### PROBLEM TO SOLVE
Return all entries verbatim; skip any pictures.

Images for object localization:

•••

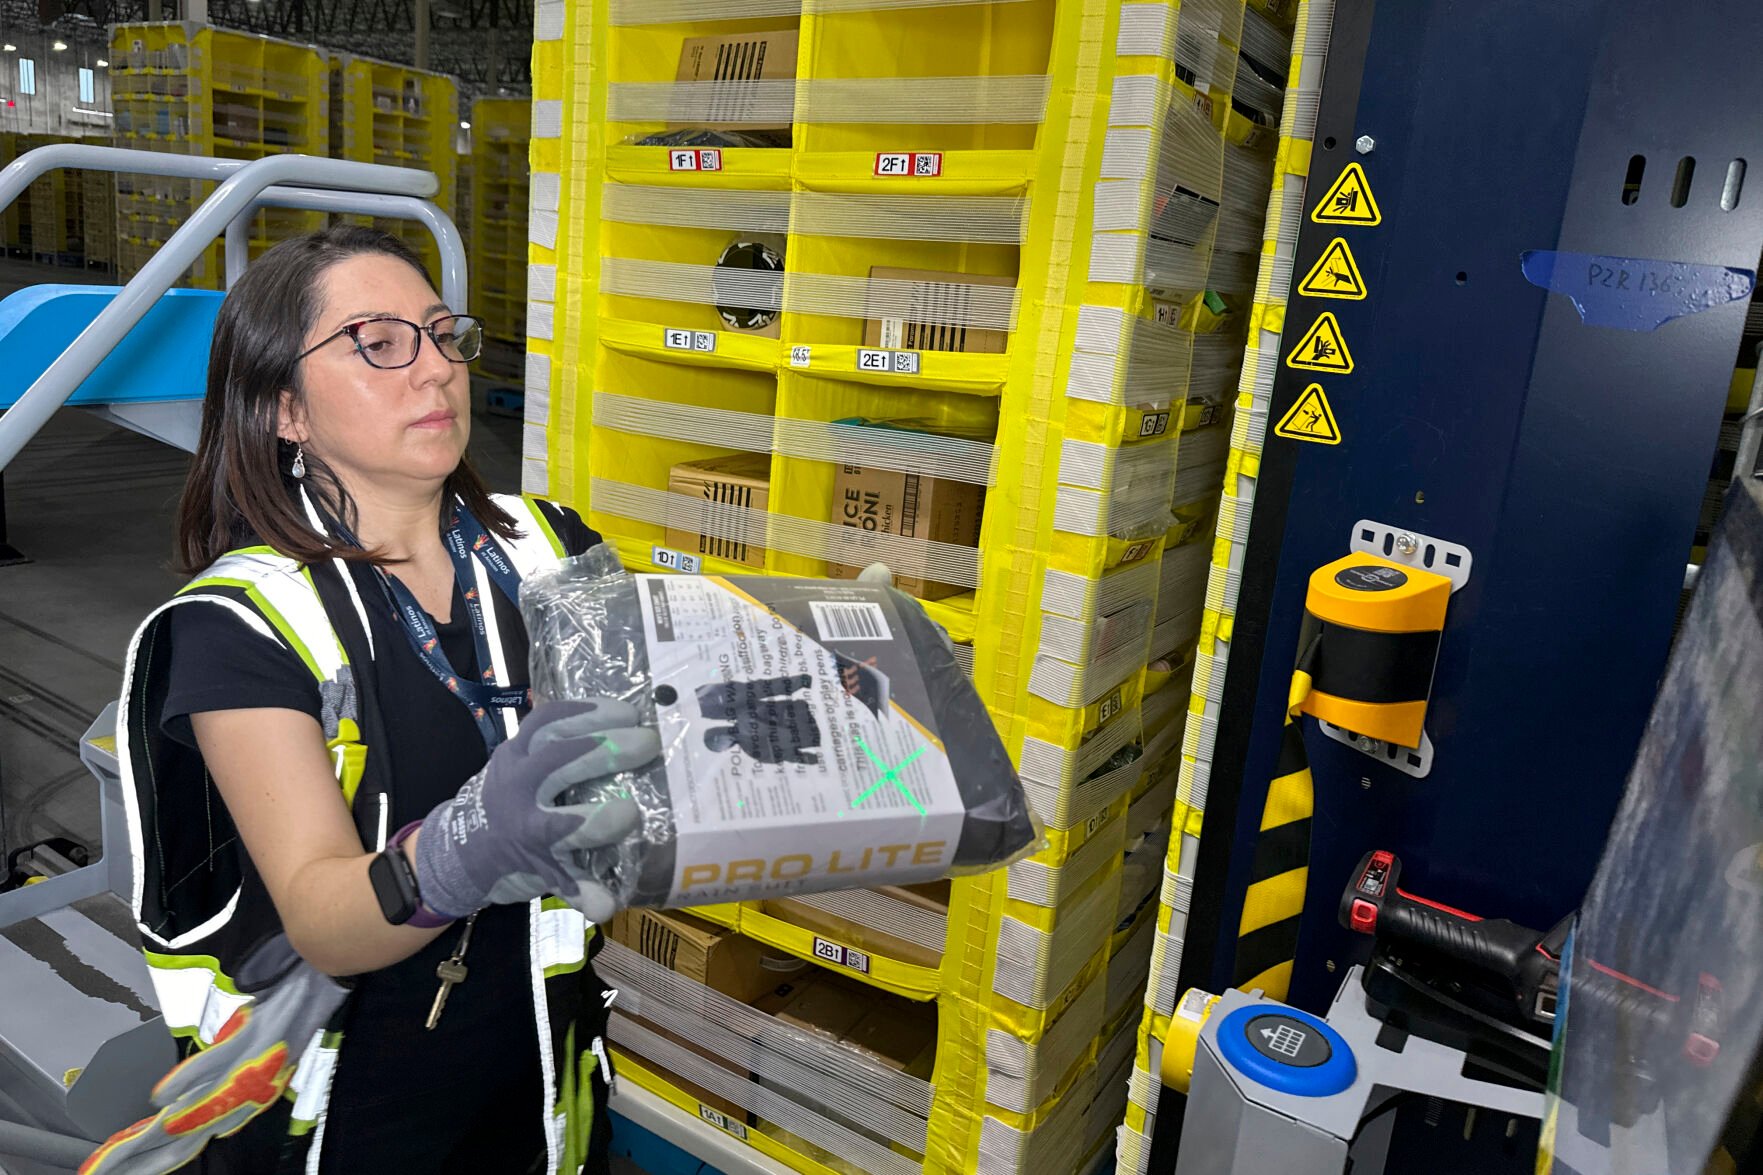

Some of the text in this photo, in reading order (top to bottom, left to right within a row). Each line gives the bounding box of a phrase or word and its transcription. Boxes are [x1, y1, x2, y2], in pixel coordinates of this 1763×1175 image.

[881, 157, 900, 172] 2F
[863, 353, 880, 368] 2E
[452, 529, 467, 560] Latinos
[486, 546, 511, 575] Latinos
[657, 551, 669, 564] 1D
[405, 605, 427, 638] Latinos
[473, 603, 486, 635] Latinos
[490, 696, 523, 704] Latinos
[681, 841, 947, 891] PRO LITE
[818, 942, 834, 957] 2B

•••

### ANSWER FOR THIS EXERCISE
Some of the text in this photo, in reading order (top to bottom, left to right within a row). Each line gives the bounding box of a phrase or word and its transcription. Boxes are [x1, y1, x2, y2], in pixel coordinates of this 1763×1175 image.

[881, 157, 900, 172] 2F
[863, 353, 880, 368] 2E
[452, 529, 467, 560] Latinos
[486, 546, 511, 575] Latinos
[657, 551, 669, 564] 1D
[405, 605, 427, 638] Latinos
[473, 603, 486, 635] Latinos
[490, 696, 523, 704] Latinos
[681, 841, 947, 891] PRO LITE
[818, 942, 834, 957] 2B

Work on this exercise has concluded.